Winter nights in the woods are long. Even though I had waited for the moon to ascend in the late evening, I was still expecting to spend the better part of nine hours in my sleeping bag. And you notice things. The wind stirring around 2am. Clouds cloaking the moon. Deer tiptoeing through the campsite an hour or two before dawn. Damp, cold feet.
Around 4am, with the prospect of a few more restless hours before sunrise and no headlamp for reading, I decided to burn some cell phone battery on an audiobook version of The Peregrine by J.A. Baker, one of the finest examples of nature writing I have ever read. I’ve become an evangelist for this underread gem, especially in its audiobook format, read by the venerable David Attenborough. In Shakespearian tones, he recounts the balletic flirtation between the narrator and a pair of falcons as it plays out in estuaries to the northeast of London.
An entry from mid-November reads, “All morning, I had the wary, uneasy feeling that comes when a hawk is near. I felt that he was hidden just beyond sight; in time and distance barely outpacing me, always dropping below the horizon as I moved up over the curve of the flat green land.”
As if on cue, behind me and just outside the shelter, I heard stones crunch underfoot of something heavy. I spun around in my sleeping bag and let out an aggressive, “Ho!” to startle whatever was behind the noise, and I immediately saw a headlamp moving left to right across the frame of the lean-to. “Sorry,” trailed behind it as the figure retreated into the woods.

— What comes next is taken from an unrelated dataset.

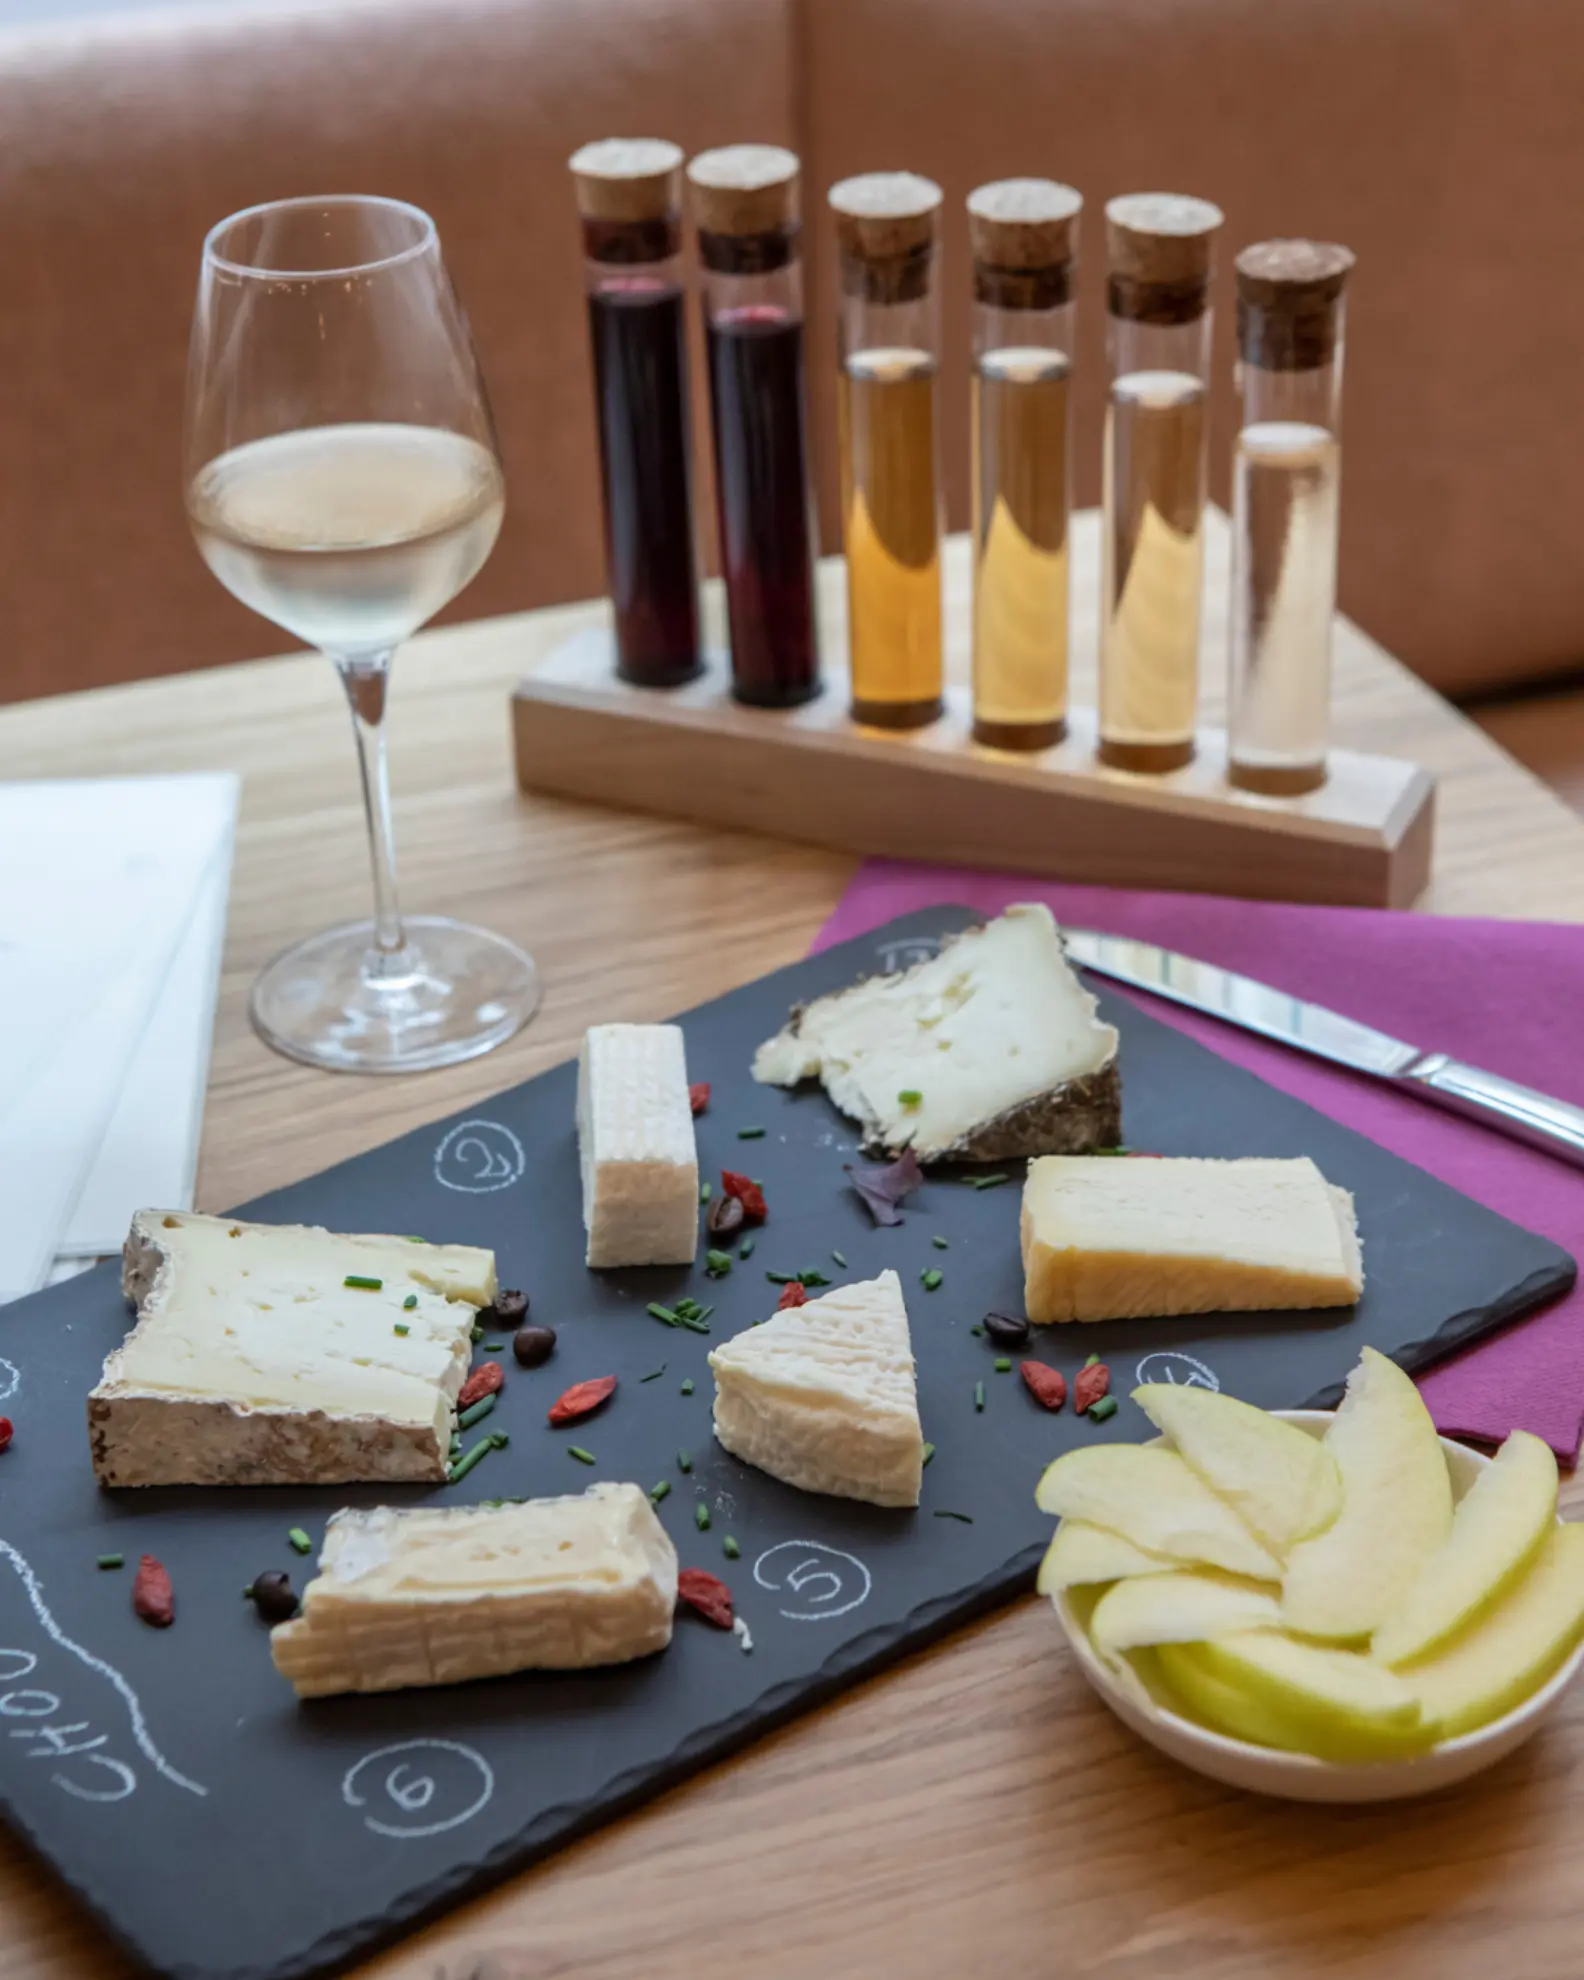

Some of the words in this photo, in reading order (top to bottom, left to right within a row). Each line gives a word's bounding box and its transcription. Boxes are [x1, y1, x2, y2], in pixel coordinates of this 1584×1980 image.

[455, 1137, 512, 1179] 2
[786, 1558, 842, 1603] 5
[386, 1763, 435, 1811] 6

My heart was racing, but it wasn’t until then that I noticed a tent erected fifty yards away at a neighboring site.
Had he been there all night? Why was he walking through my area? The bright orange nylon stood like a recrimination. How could I have been so unobservant? The flat blue hue of the moon had rendered the world in monochrome, a rhapsody in blue, the ridge pole of the tent just another branch in the understory.

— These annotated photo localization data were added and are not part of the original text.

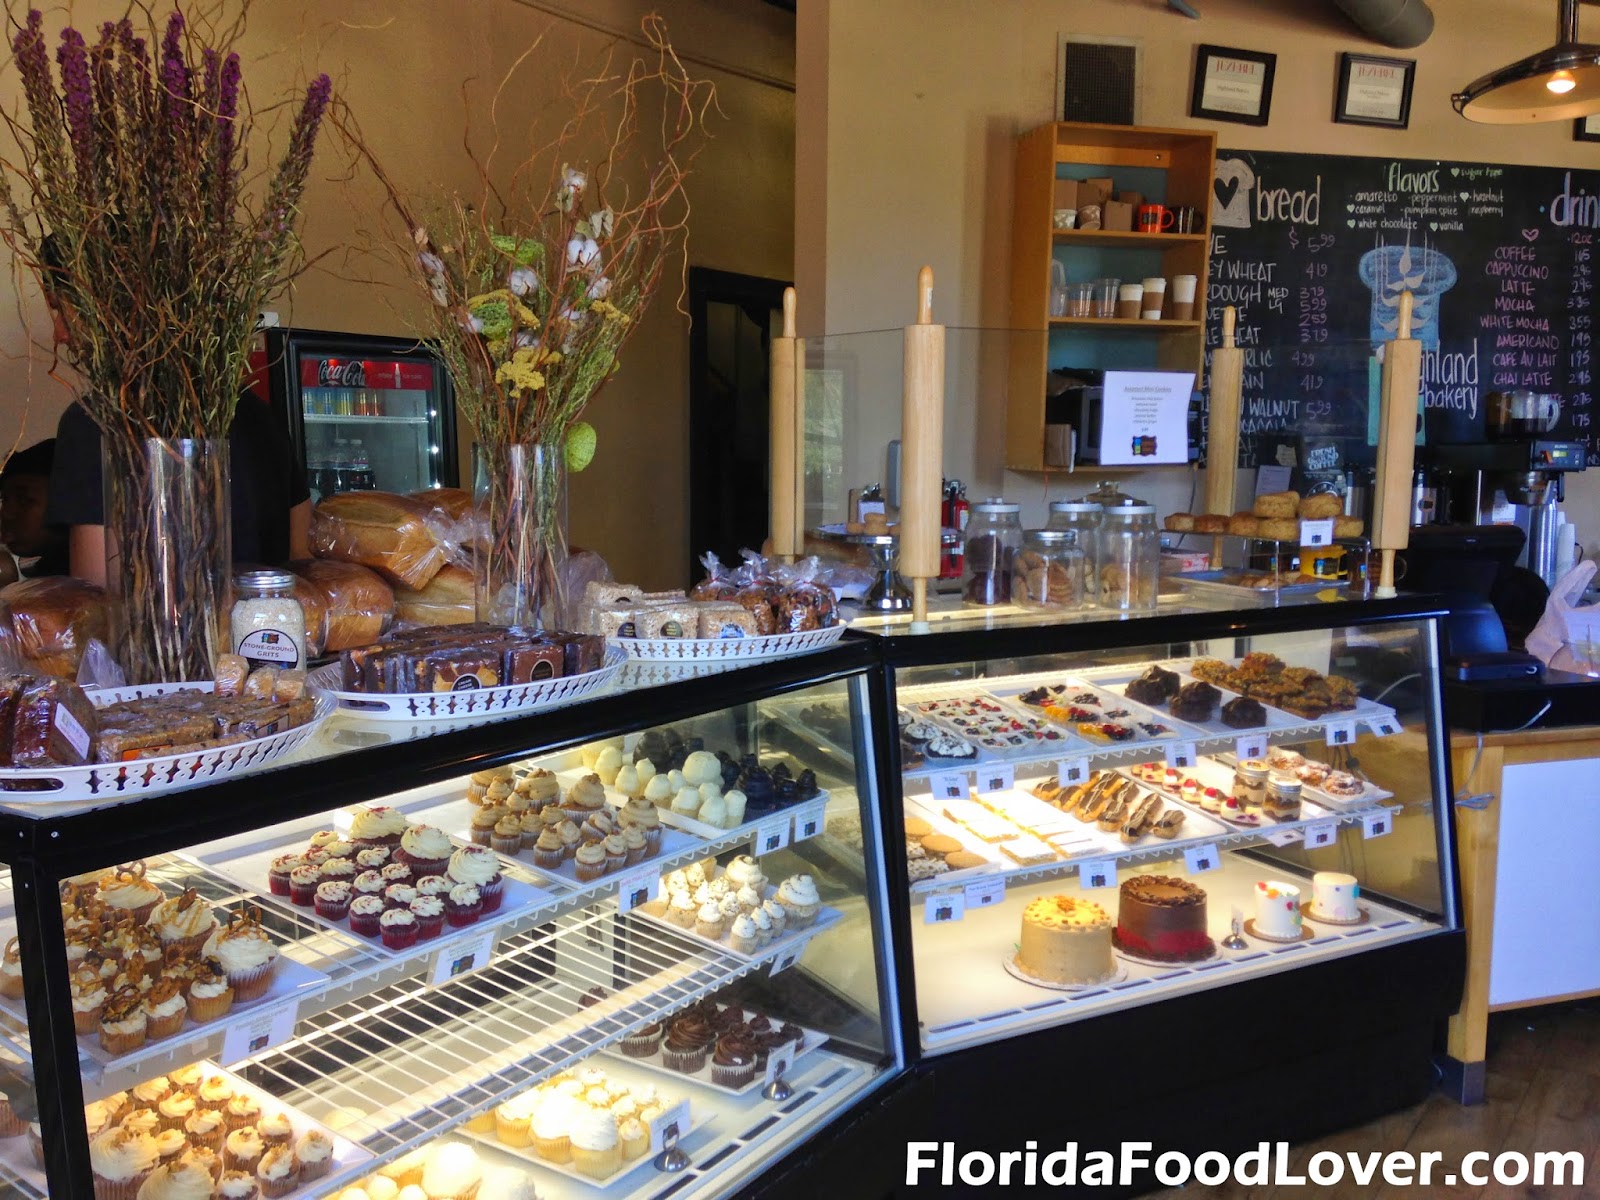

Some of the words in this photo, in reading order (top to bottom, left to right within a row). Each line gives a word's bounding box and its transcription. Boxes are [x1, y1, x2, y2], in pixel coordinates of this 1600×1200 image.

[1388, 162, 1440, 194] flavors
[1461, 168, 1484, 181] sugar
[1257, 174, 1321, 226] bread
[1354, 191, 1398, 203] amaretto
[1411, 193, 1458, 206] peppermint
[1549, 171, 1600, 229] drin
[1355, 203, 1386, 214] caramel
[1404, 203, 1437, 218] pumpkin
[1438, 205, 1459, 216] spice
[1470, 205, 1504, 217] raspberry
[1357, 218, 1377, 229] white
[1380, 217, 1418, 230] chocolate
[1439, 221, 1464, 232] vanilla
[1494, 246, 1537, 261] COFFEE
[1227, 260, 1277, 283] WHEAT
[1485, 261, 1549, 279] CAPPUCCINO
[1267, 287, 1289, 298] MED
[1501, 280, 1536, 296] LATTE
[1495, 296, 1536, 312] MOCHA
[1480, 315, 1514, 329] WHITE
[1515, 316, 1550, 333] MOCHA
[1496, 334, 1560, 350] AMERICANO
[1492, 353, 1517, 367] CAFE
[1520, 351, 1534, 367] AU
[1537, 354, 1557, 367] LAIT
[1493, 372, 1518, 386] CHAI
[1521, 372, 1553, 386] LATTE
[1249, 398, 1300, 419] WALNUT
[1424, 383, 1478, 420] bakery
[243, 642, 294, 652] STONE-GROUND
[256, 650, 280, 658] GRITS

That was the extent of my interaction with my neighbor. Under other circumstances, I might have exchanged some pleasantries or even shared a shelter, but I found the intrusion unsettling, inexplicable. I rolled around in my sleeping bag for another hour until the sky, now overcast, illuminated the corners of the lean-to, allowing me to boil water for coffee. I gulped it down with an energy bar and made tracks in order to beat the freezing rain that was forecast for the morning.
To exist we need…
I could have spent the night indoors, secure and warm in my bed, but I chose to sleep outdoors, uncomfortable and vulnerable, because sometimes, like in the middle of a pandemic, it’s worth recalling what we really need to exist: food, shelter, and warmth. Social media spins on, supply chains buckle, but in the forest, there is a world larger than us that does not account for our comfort and ease. It continues to churn on through seasons of cold and heat, growth and decay, and to intentionally place oneself in the midst of that is to remove oneself from the current paradigm and become situated in something timeless and eternal. Maybe that’s not something we will want to do often, but a few times a year, we should all find a way to see the world differently.